19 April 2008

Morale

The ambulance company has been having morale problems for quite some time now and the peon grumbling was finally loud enough for management to notice. Constantly changing paperwork requirements leading to crews being threatened for incomplete paperwork, government fines, being promised and trained for new equipment that never arrives on the trucks, and generic job dissatisfaction all pop up.

So what is management to do? Well, if you're a fan of Dilbert, observant of management in general, or just pessimistic, you're probably guessing that they implemented something which does not actually address any of the problems. I'll just call it the "Superstar!" program (envision SNL's Molly Shannon in classic cheerleader lunge wiggling fingers at you). We are to nominate employees who go above and beyond the call of duty; said employees are entered into a monthly drawing to win a prize to be named later, usually a gift certificate or something reasonable at least.

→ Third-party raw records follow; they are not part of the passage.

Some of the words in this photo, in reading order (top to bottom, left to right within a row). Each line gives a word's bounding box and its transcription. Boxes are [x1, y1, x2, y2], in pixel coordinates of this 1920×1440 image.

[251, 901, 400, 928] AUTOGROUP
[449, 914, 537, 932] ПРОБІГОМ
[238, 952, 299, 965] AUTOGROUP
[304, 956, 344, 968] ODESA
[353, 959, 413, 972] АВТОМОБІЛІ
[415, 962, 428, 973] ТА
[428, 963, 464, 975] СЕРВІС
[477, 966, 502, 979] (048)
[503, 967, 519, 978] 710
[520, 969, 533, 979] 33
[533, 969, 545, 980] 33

My issue isn't with the desire to recognize good employees - the point is that it doesn't actually address the problem and, at least at the north station, has become an object of ridicule.

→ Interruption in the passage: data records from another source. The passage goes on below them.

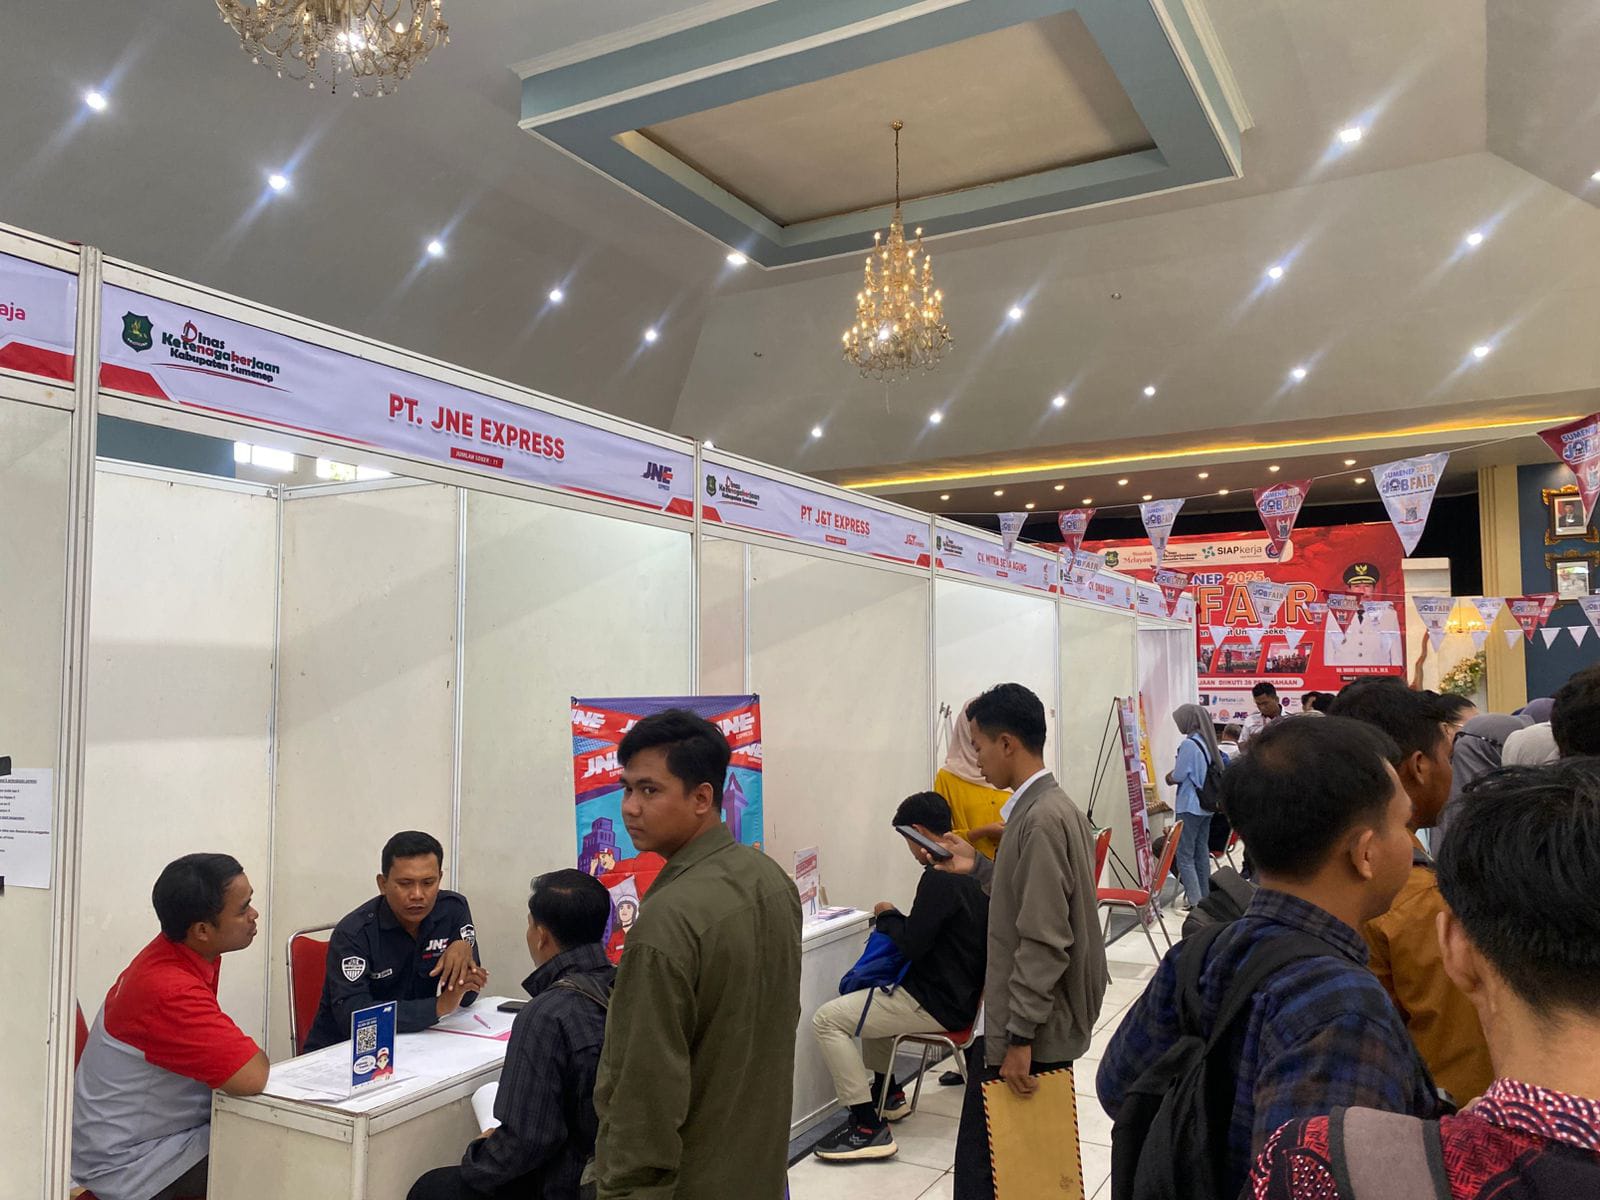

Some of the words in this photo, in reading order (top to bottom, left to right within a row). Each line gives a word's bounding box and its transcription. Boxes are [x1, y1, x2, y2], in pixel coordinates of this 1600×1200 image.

[181, 320, 225, 350] Dinas
[162, 332, 280, 374] Ketenagakerjaan
[170, 348, 228, 371] Kabupaten
[231, 364, 273, 382] Sumenep
[389, 392, 423, 425] PT.
[431, 406, 473, 437] JNE
[480, 417, 566, 460] EXPRESS
[641, 461, 673, 484] JNE
[801, 505, 812, 521] PT
[815, 509, 832, 526] J&T
[834, 513, 870, 535] EXPRESS
[1227, 571, 1264, 585] 2025
[1199, 583, 1317, 625] FAR
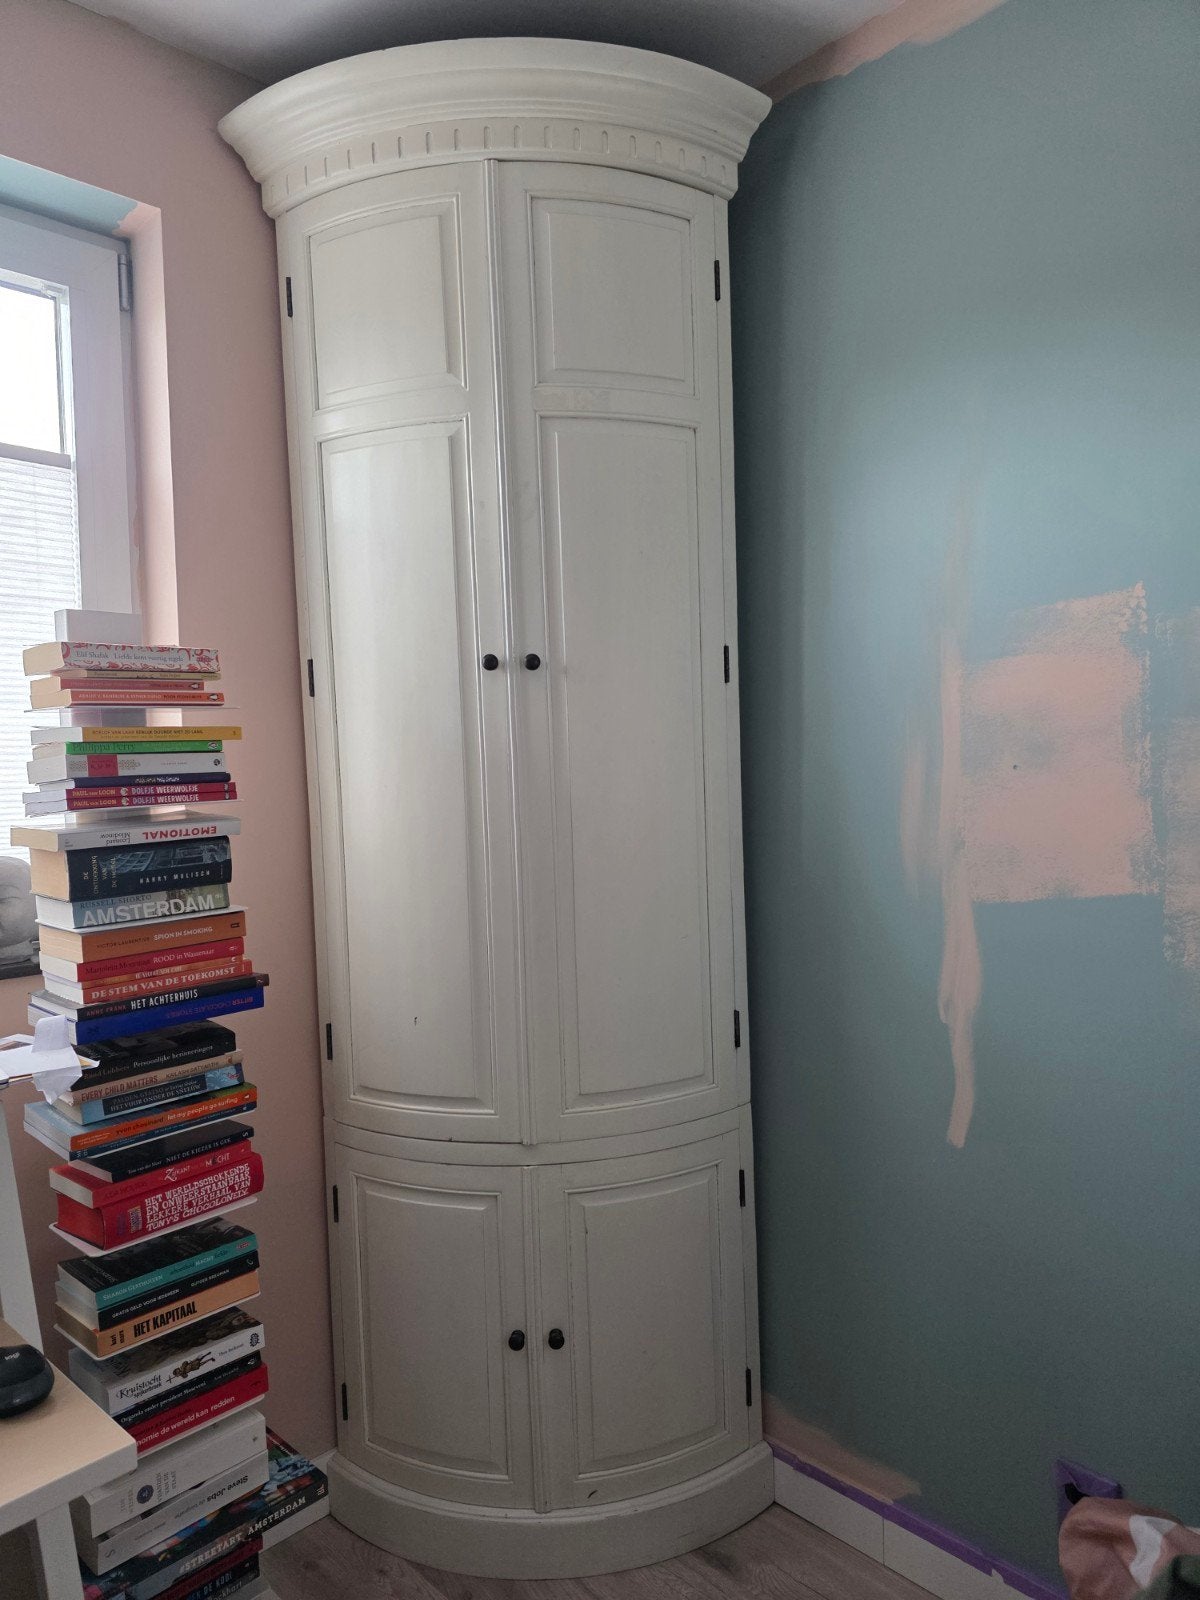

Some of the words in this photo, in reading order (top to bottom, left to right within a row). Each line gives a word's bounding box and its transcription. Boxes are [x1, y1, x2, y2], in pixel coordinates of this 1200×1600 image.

[89, 651, 109, 659] Shafak
[114, 652, 132, 660] Liefde
[72, 742, 110, 752] Philippa
[113, 742, 136, 751] Perry
[132, 787, 155, 795] DOLFJE
[157, 784, 199, 794] WEERWOLFJE
[133, 796, 156, 805] DOLFJE
[158, 794, 200, 803] WEERWOLFJE
[100, 831, 131, 839] Mlodinow
[142, 825, 217, 840] EMOTIONAL
[105, 838, 131, 846] Leonard
[139, 875, 168, 884] HARRY
[173, 869, 210, 880] MULISCH
[80, 899, 115, 910] RUSSELL
[118, 893, 152, 904] SHORTO
[83, 894, 215, 927] AMSTERDAM
[153, 931, 175, 941] SPION
[183, 926, 214, 936] SMOKING
[153, 954, 175, 964] ROOD
[183, 948, 215, 958] Wassenaar
[91, 989, 107, 999] DE
[108, 984, 139, 996] STEM
[140, 979, 164, 990] VAN
[165, 977, 180, 986] DE
[180, 966, 236, 982] TOEKOMST
[86, 1009, 104, 1017] ANNE
[105, 1004, 127, 1013] FRANK
[130, 998, 147, 1010] HET
[149, 989, 199, 1007] ACHTERHUIS
[133, 1054, 171, 1068] Persoonlijke
[81, 1089, 103, 1102] EVERY
[105, 1083, 125, 1096] CHILD
[126, 1075, 158, 1089] MATTERS
[143, 1094, 165, 1103] ONDER
[166, 1090, 175, 1098] DE
[116, 1126, 132, 1135] yvon
[167, 1113, 176, 1121] let
[186, 1104, 209, 1117] people
[208, 1103, 218, 1111] go
[218, 1096, 238, 1107] surfing
[166, 1152, 181, 1162] NIET
[182, 1150, 191, 1158] DE
[191, 1143, 212, 1155] KIEZER
[219, 1137, 232, 1146] GEK
[144, 1193, 163, 1207] HET
[165, 1162, 250, 1200] WERELDSCHOKKENDE
[146, 1203, 159, 1216] EN
[162, 1171, 251, 1210] ONWEERSTAANBAAR
[146, 1202, 189, 1224] LEKKERE
[192, 1187, 232, 1207] VERHAAL
[234, 1179, 251, 1192] VAN
[146, 1214, 180, 1232] TONY'S
[182, 1188, 249, 1218] CHOCOLONELY
[102, 1287, 127, 1301] SHARON
[112, 1308, 130, 1319] GRATIS
[130, 1303, 144, 1312] GELD
[143, 1297, 157, 1307] VOOR
[157, 1288, 180, 1301] IEDEREEN
[134, 1318, 151, 1338] HET
[152, 1301, 198, 1330] KAPITAAL
[116, 1375, 161, 1400] Kruistocht
[144, 1402, 159, 1413] onder
[136, 1430, 160, 1446] nomie
[160, 1426, 170, 1435] de
[170, 1413, 195, 1430] wereld
[195, 1407, 209, 1418] kan
[210, 1395, 236, 1412] redden
[227, 1475, 248, 1491] Steve
[206, 1488, 226, 1502] Jobs
[179, 1532, 243, 1574] #STREETART
[247, 1496, 306, 1536] AMSTERDAM

Yesterday was another ambulance day where we mostly drove around helping people rather than transporting them or providing much medical assistance. We spent an hour with a diabetic, went for a medical alarm activation, a couple of accidents, someone with pancreatitis. On several of these calls, The Asian did things that were truly above and beyond, including cooking lunch and calling a utility company. These are not things he does for recognition, but things he considers part of his duty as a patient advocate. But that doesn't mean that I don't get to spend most of the afternoon telling him he was a "Superstar!" and I was going to send my nomination immediately and others in the station coming up with all sorts of things he's done which could potentially nominate him. He actually already got nominated one month, but I didn't have anything to do with that one. I guess it helps morale because it gives us a common object of ridicule, but really, we don't need help with that.

What would actually help?
  • Employees being held to the recognized job standards. If you're not doing something you're supposed to do, or doing a shitty job of it, something should happen. Not necessarily being immediately fired, but some sort of discipline where you understand that this is not acceptable.
  • Understanding that sending paperwork back to crews for errors made by discharging staff is ridiculous, without having to listen to 4 weeks of crew complaints before they figure it out.
  • Hold off on training about equipment to come until said equipment actually arrives. Many of us have already lost our passwords for the new electronic patient care reports and nobody even knows when the computers will officially go live.
  • Pay equity.
  • Supervisors responding to problems in the station sometime before they become critical, quick examples: a toilet that leaks so long that the hallway 8 feet away smells like pee, a water leak inside that covers two beds in mold.
These are concrete things that could've been done instead of the token popularity contest, but they are also things which would cost time or money. I will at least give credit that things are improving slowly (the two problems above are being addressed) and I'm not sure where the motivation finally came from, but I'll take what I can get.

1 comment:

Ellie said...

It's funny when management can't see the forest for the trees. Sorry to hear the toilets still don't work properly.
The equipment thing it so true. When I visited in March of 2006, new toys were shown to me that are still not on the trucks.